L’Écho foutromane, 1880, Bandeau de début de chapitre
L’Écho foutromane, 1880, Bandeau de début de chapitre

LE SECRET
DE
MADAME CONLÊCHÉ

OU
L’ORIGINE DES CHIENS MANCHONS.


J’ai promis au dieu Priape, et particulièrement à ma belle maîtresse, de tracer le tableau d’une jeune femme qui, mariée dès son enfance et devenue veuve presque aussitôt, n’a pas encore connu charnellement, soit par les personnes de son sexe, soit par celles du nôtre, ni amant, ni époux, ni branleur, ni tribade, n’a pas même cédé aux offres de son doigt officieux, et cependant jouit de tous les avantages qu’un tempérament robuste et brûlant procure par l’exercice d’un coït mis sans cesse en action.

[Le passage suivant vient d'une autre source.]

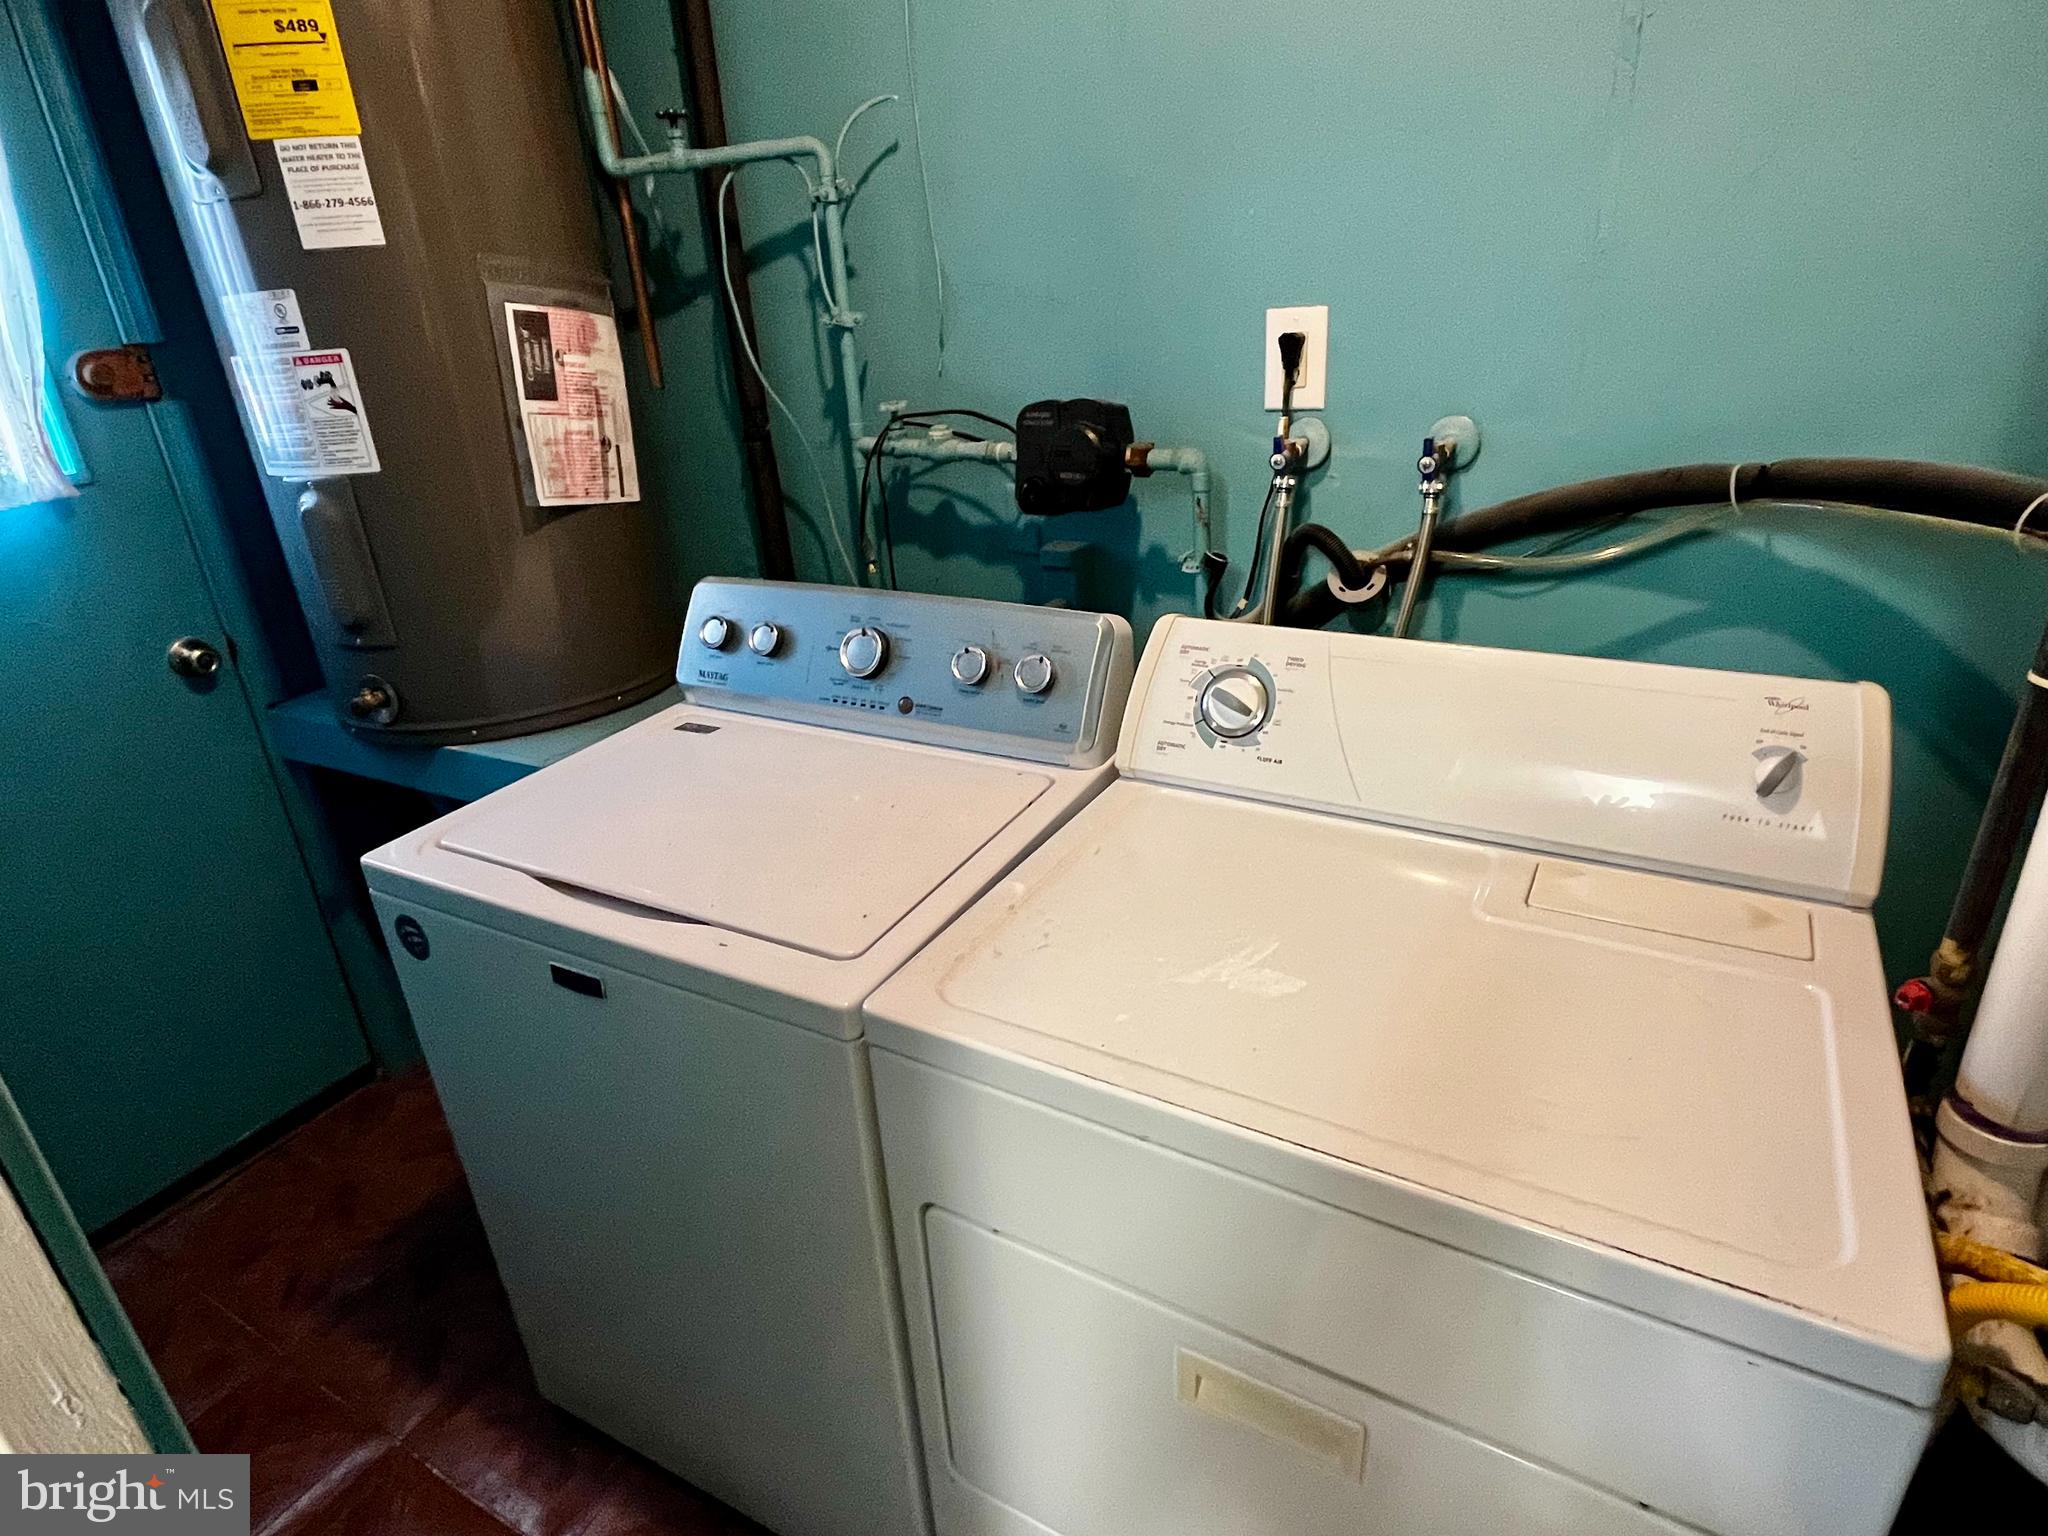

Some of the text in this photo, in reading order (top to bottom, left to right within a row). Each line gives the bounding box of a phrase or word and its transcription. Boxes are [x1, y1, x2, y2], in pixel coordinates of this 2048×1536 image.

[273, 18, 319, 33] $489
[308, 142, 339, 150] RETURN
[281, 155, 306, 163] WATER
[306, 154, 334, 162] HEATER
[347, 152, 362, 160] THE
[287, 163, 360, 174] PLACE OF PURCHASE
[293, 197, 375, 210] 1-866-279-4566
[302, 354, 342, 366] DANGER
[698, 669, 729, 682] MAYTAG
[1765, 697, 1810, 713] Whirlpool
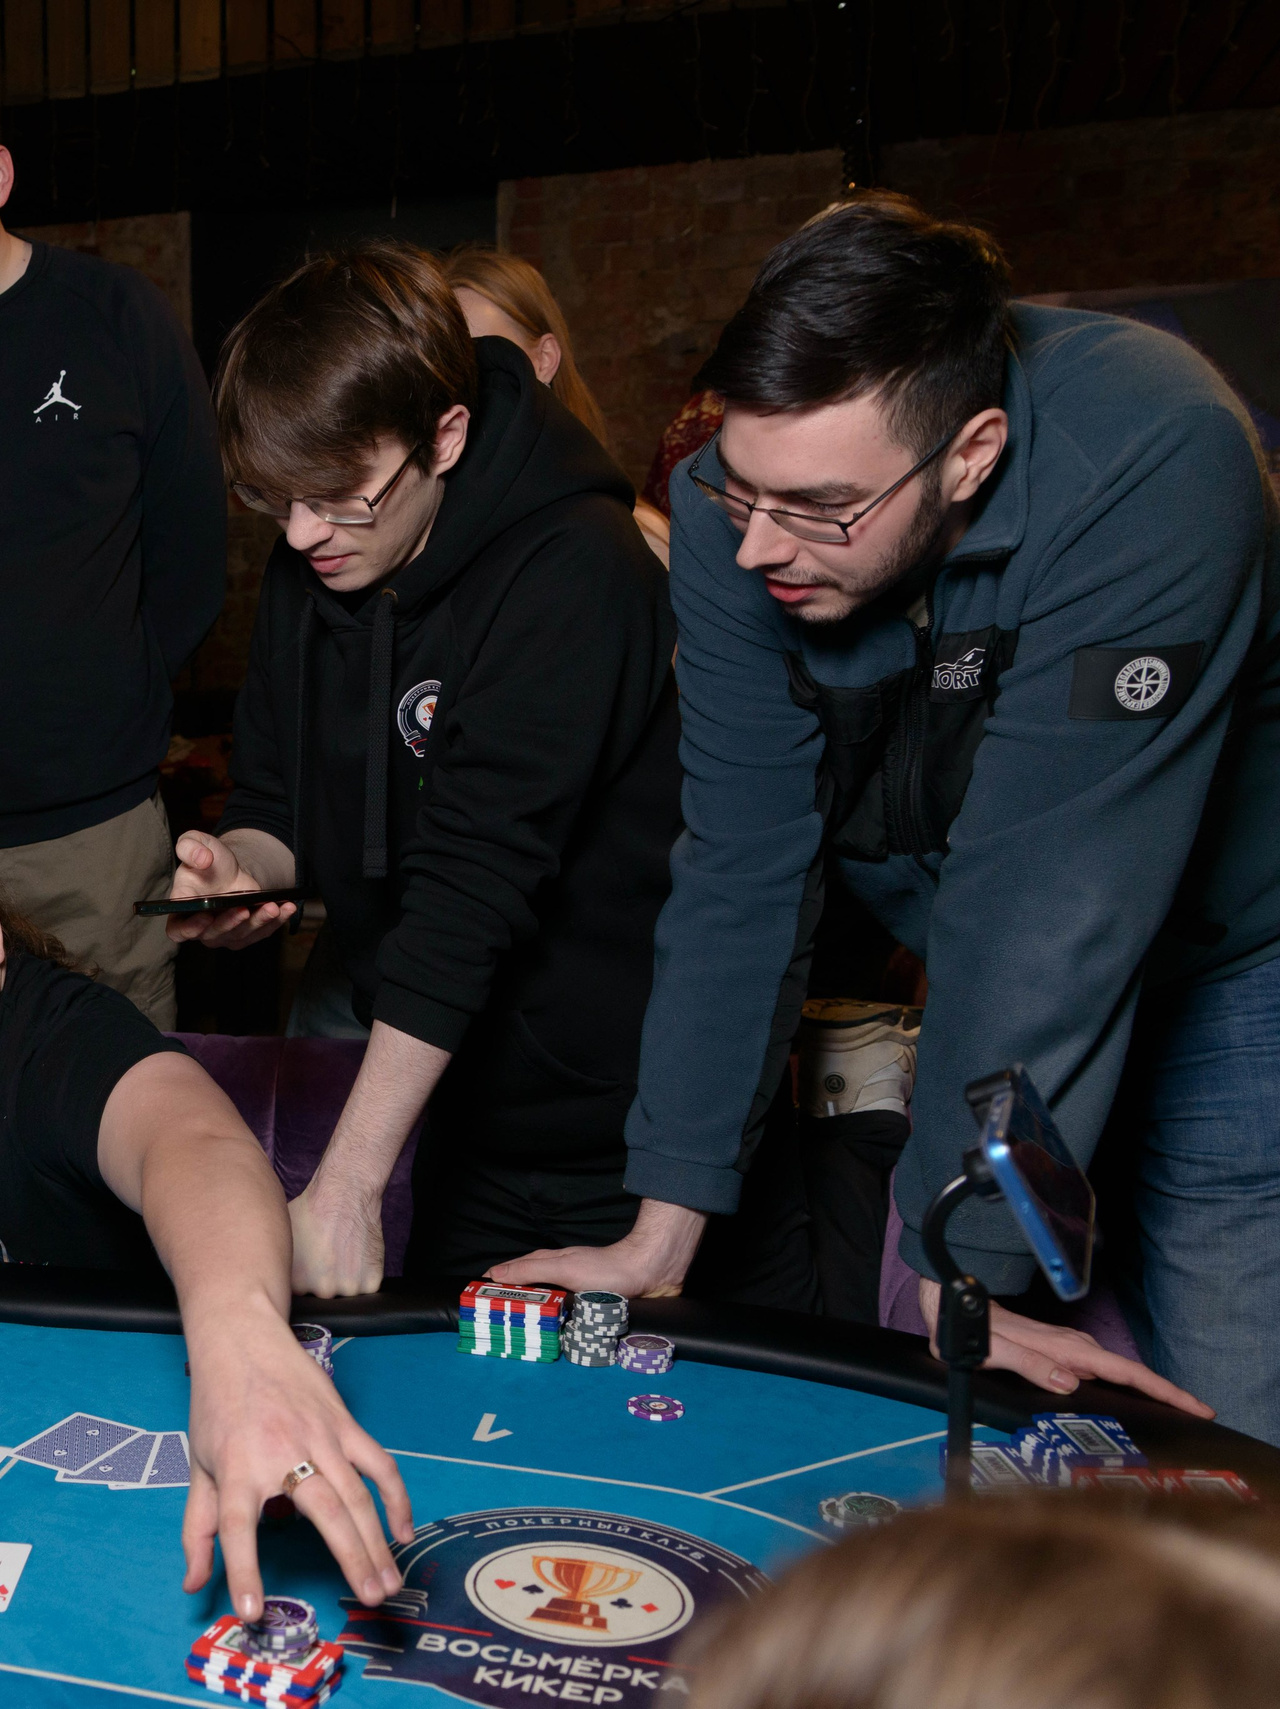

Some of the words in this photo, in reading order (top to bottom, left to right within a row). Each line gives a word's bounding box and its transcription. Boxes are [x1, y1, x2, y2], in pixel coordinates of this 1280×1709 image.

[35, 412, 79, 424] AIR
[485, 1517, 631, 1534] ПОКЕРНЫЙ
[640, 1531, 706, 1560] КЛУБ
[473, 1665, 624, 1706] КИКЕР

Ma belle maîtresse s’écrie déjà au phénomène ; ou plutôt, intérieurement et cela par politique, pour avoir l’air de ne pas ressembler au reste des femmes ; bref, pour ne pas me contredire, elle révoque en doute la vérité de mon assertion. Eh ! je le lui pardonne ainsi qu’à toutes celles qui sont tentées de se mettre en son parti, comptant que dès que le secret de la beauté en question sera dévoilé, elles se rangeront à mon avis et s’émerveilleront peut-être, d’un commun accord, au sujet de cette invention qui, sans contredit, connue de quelques-unes, mérite d’être adoptée par toutes.

Madame Conlêché, très joliment gratifiée par cet enfant malin, qui est le dispensateur des grâces et de la beauté, des dons précieux et inestimables qui les caractérisent, est propriétaire d’une taille svelte parfaitement bien dessinée, des formes les plus heureusement prononcées ; des traits réguliers du pinceau le plus séduisant, de la sensibilité dans leur ensemble, une langueur quasi permanente dans les yeux ; voilà des armes plus qu’il n’en faut pour tout conquérir, et c’est là l’heureux partage de cette Laïs moderne.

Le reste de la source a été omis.